Edméa Rita Temporini

3. Resultados

A amostra foi constituída por 110 sujeitos de ambos os sexos (34,5% homens; 65,5% mulheres), com idade entre 43 e 89 anos; a média de idade foi de 69,0 anos e desvio padrão de 10,3 anos. Quanto à escolaridade, 26,4% nunca freqüentaram a escola, os demais se distribuem entre a 1ª e a 8ª série do 1º grau (59,1%), 2º grau (10,9%) e ensino superior (3,6%). (Tabela I).

A maior proporção dos entrevistados não exercia atividade remunerada (87,3%).

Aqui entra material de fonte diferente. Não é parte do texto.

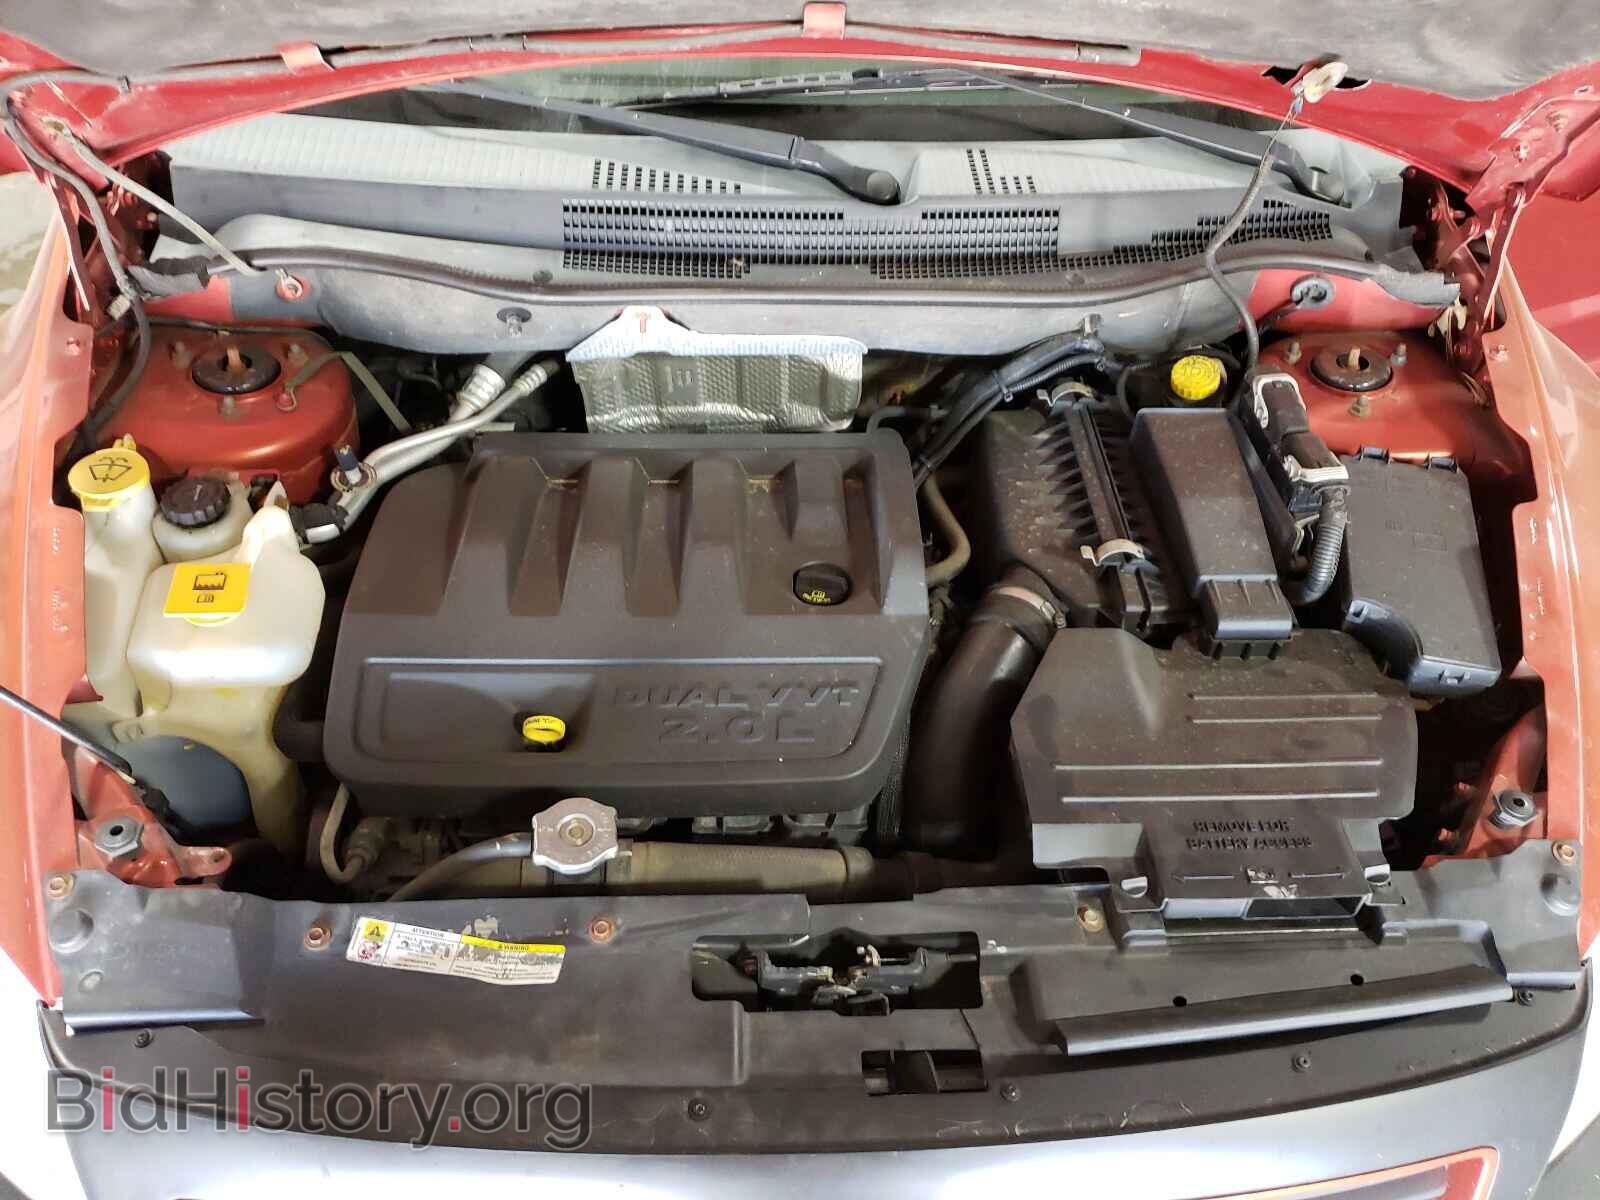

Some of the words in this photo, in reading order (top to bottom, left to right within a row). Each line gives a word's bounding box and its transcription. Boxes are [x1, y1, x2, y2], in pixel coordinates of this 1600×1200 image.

Desses, 55,2% afirmaram ser aposentados; 17,7%, receberem pensão; 17,7% não terem possibilidade de trabalhar; 7,3%, exercerem atividades do lar e 2,1% não conseguirem emprego. Para os que exerciam atividade remunerada (12,7%), aplicou-se a classificação de níveis ocupacionais 13, obtendo-se os seguintes resultados: 57,2% exerciam ocupações manuais especializadas; 21,4%, ocupações manuais semi-especializadas ou não especializadas, 14,3%, ocupações não manuais de rotina e assemelhadas e 7,1%, profissionais liberais e outros de níveis equivalentes (Tabela II).

Dentre as opiniões acerca das causas da catarata, destacaram-se a velhice (69,1%), o uso excessivo dos olhos (57,3%) e a exposição ao calor nos olhos (40,9%). (Tabela III).

Quanto à opinião sobre relação entre atividades profissionais exercidas e catarata, 56,4% não acreditavam que o trabalho tivesse influído, enquanto 43,6% atribuíram às atividades ocupacionais essa afecção ocular (Tabela IV).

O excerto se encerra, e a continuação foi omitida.